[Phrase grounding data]
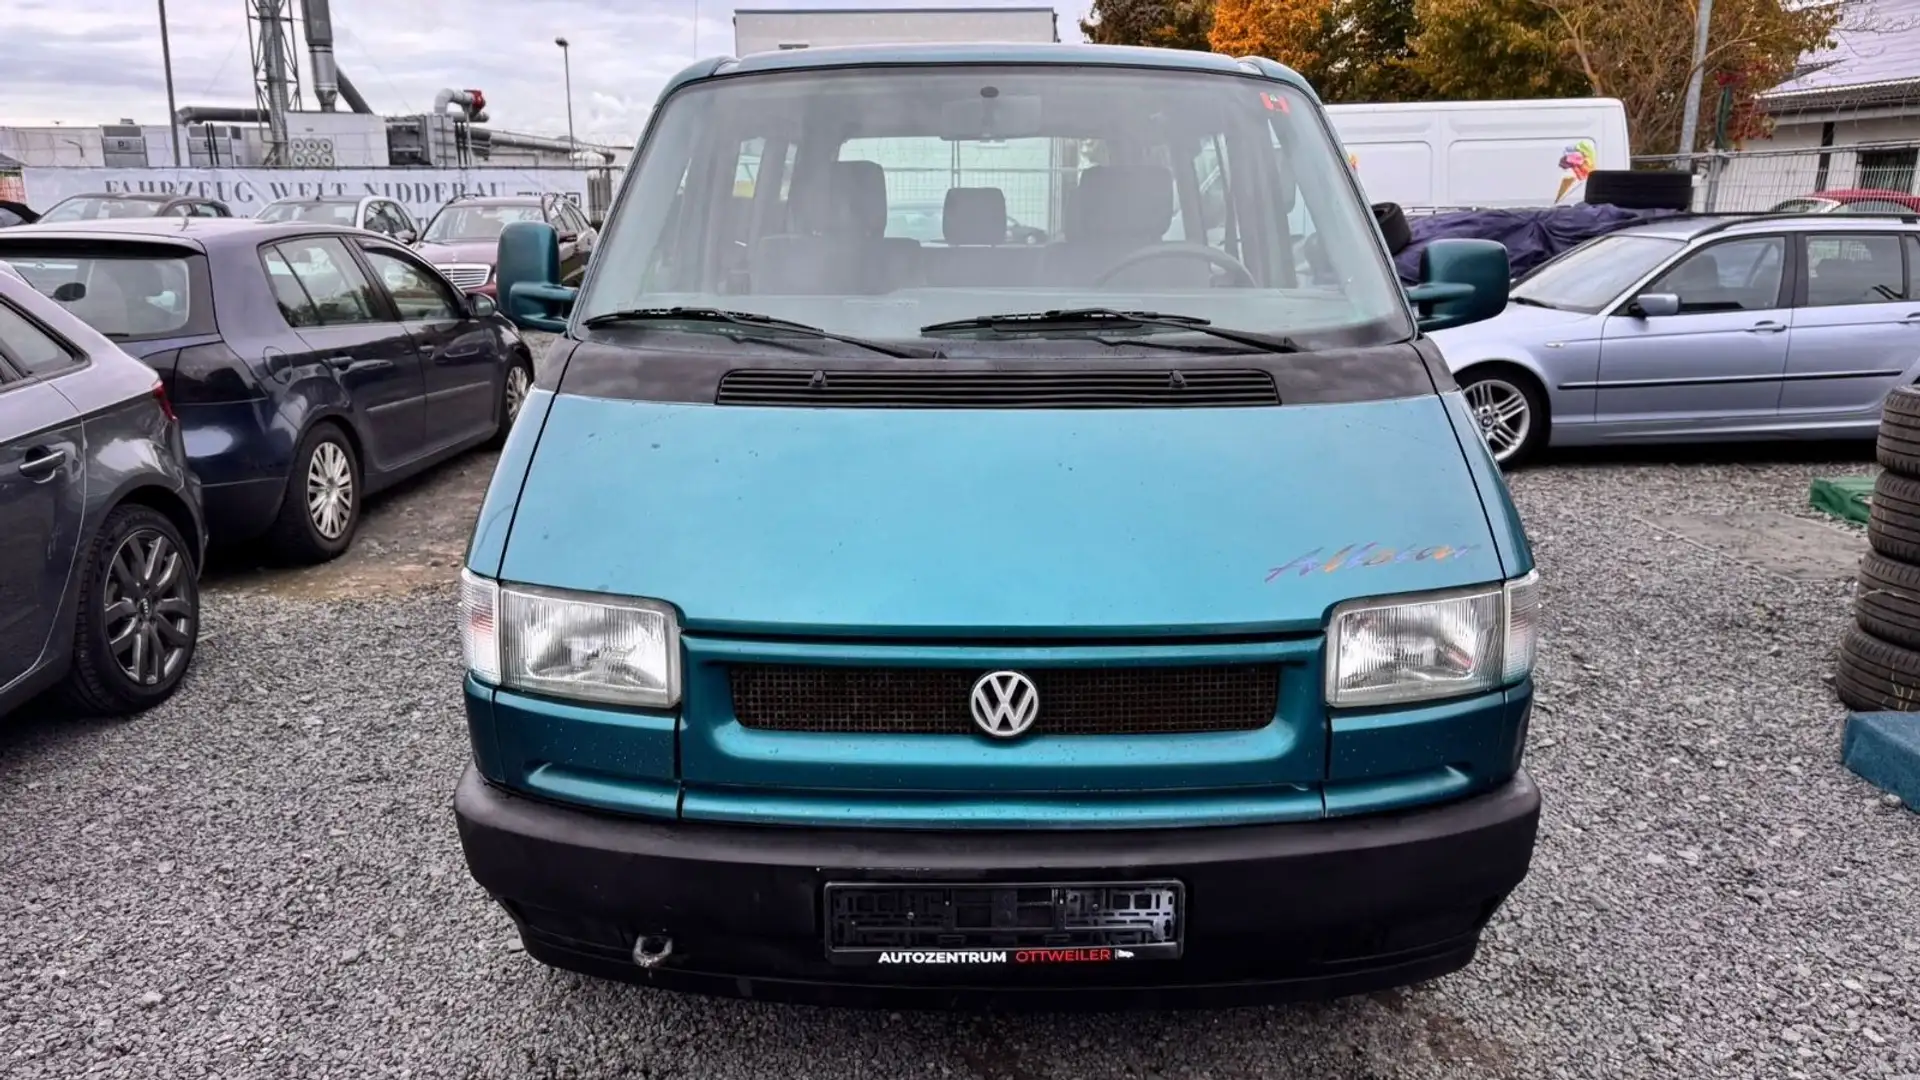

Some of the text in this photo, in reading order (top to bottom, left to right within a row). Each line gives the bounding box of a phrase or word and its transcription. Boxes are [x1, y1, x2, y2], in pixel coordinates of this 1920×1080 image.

[105, 180, 254, 203] FAHRZEUG
[269, 181, 349, 200] WELT
[970, 670, 1040, 737] VW
[877, 948, 1113, 964] AUTOZENTRUM OTTWEILER
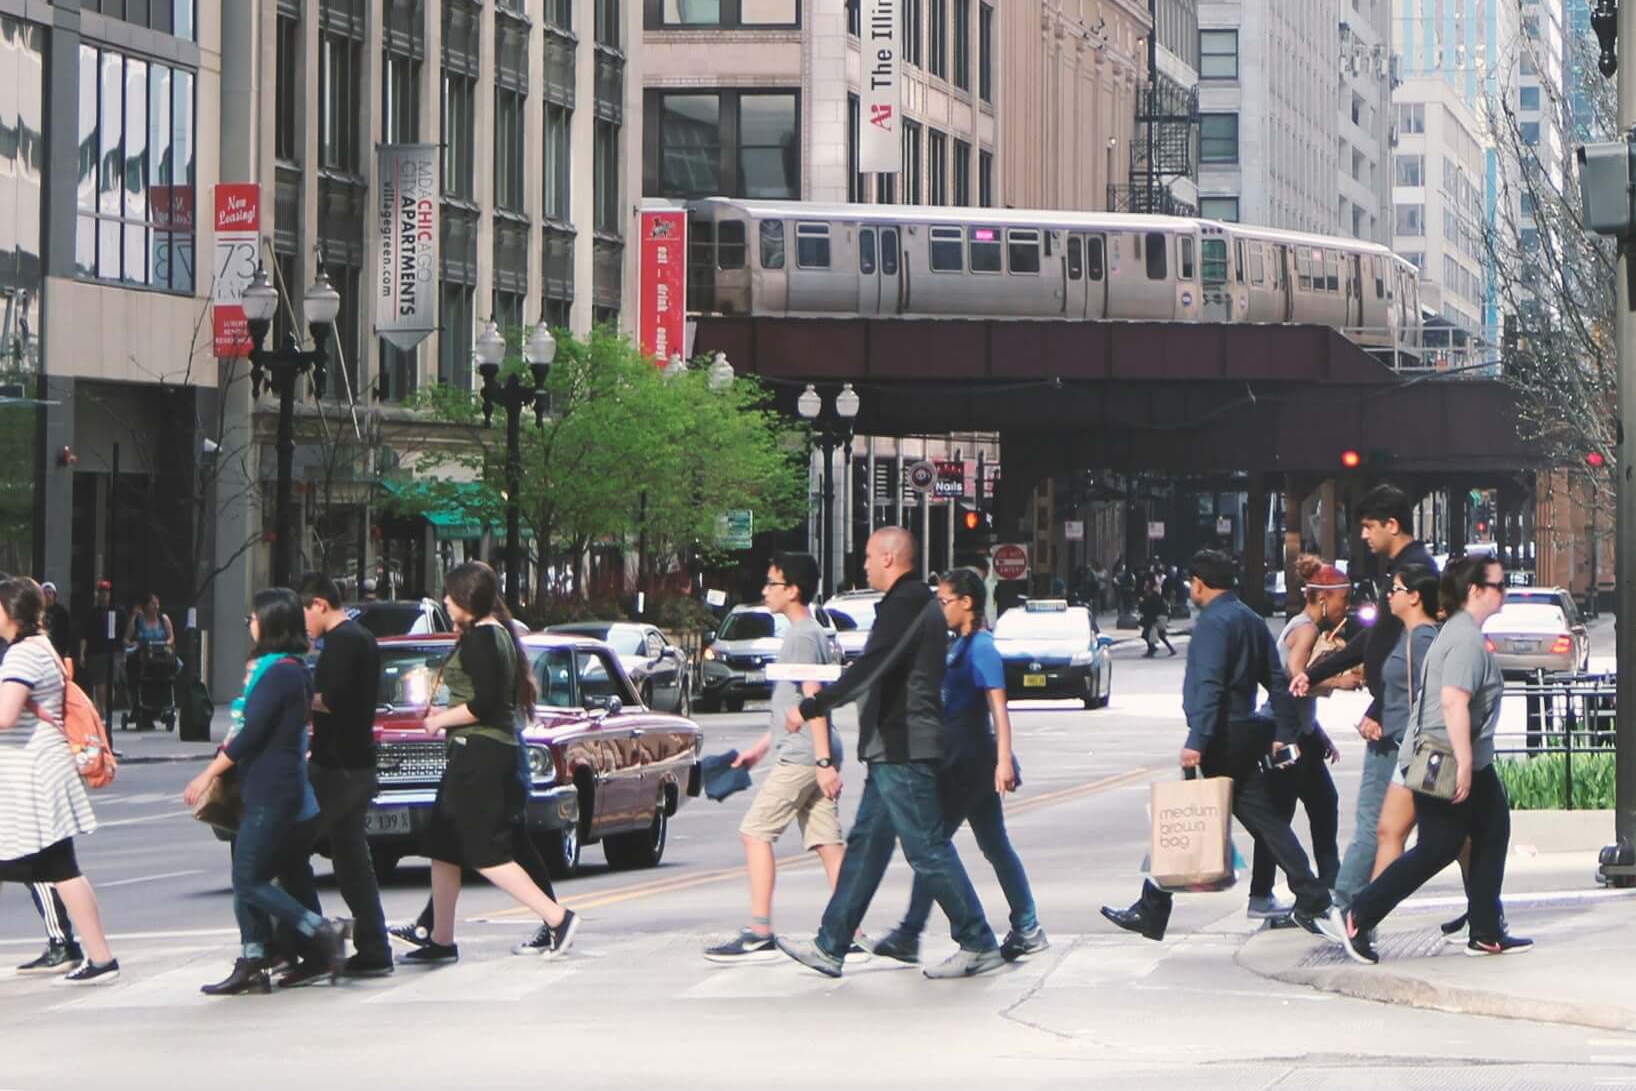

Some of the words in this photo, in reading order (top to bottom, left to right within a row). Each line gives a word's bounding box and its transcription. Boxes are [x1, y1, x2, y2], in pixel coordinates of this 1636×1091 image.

[871, 49, 893, 91] The
[217, 204, 256, 225] Leasing!
[380, 181, 395, 297] villagegreen.com
[217, 243, 256, 279] 73
[936, 480, 963, 492] Nails
[1159, 802, 1218, 820] medium
[1159, 820, 1206, 835] brown
[1159, 834, 1190, 850] bag

**Requirement**
Give the records back exactly, with no pictures.

**Worked solution**
Some of the text in this photo, in reading order (top to bottom, left to right within a row). Each line gives the bounding box of a phrase or word and its transcription. Boxes are [x1, y1, x2, y2], in pixel coordinates of this 1920×1080 image.

[105, 180, 254, 203] FAHRZEUG
[269, 181, 349, 200] WELT
[970, 670, 1040, 737] VW
[877, 948, 1113, 964] AUTOZENTRUM OTTWEILER

Some of the words in this photo, in reading order (top to bottom, left to right within a row). Each line gives a word's bounding box and its transcription. Boxes are [x1, y1, x2, y2], in pixel coordinates of this 1636×1091 image.

[871, 49, 893, 91] The
[217, 204, 256, 225] Leasing!
[380, 181, 395, 297] villagegreen.com
[217, 243, 256, 279] 73
[936, 480, 963, 492] Nails
[1159, 802, 1218, 820] medium
[1159, 820, 1206, 835] brown
[1159, 834, 1190, 850] bag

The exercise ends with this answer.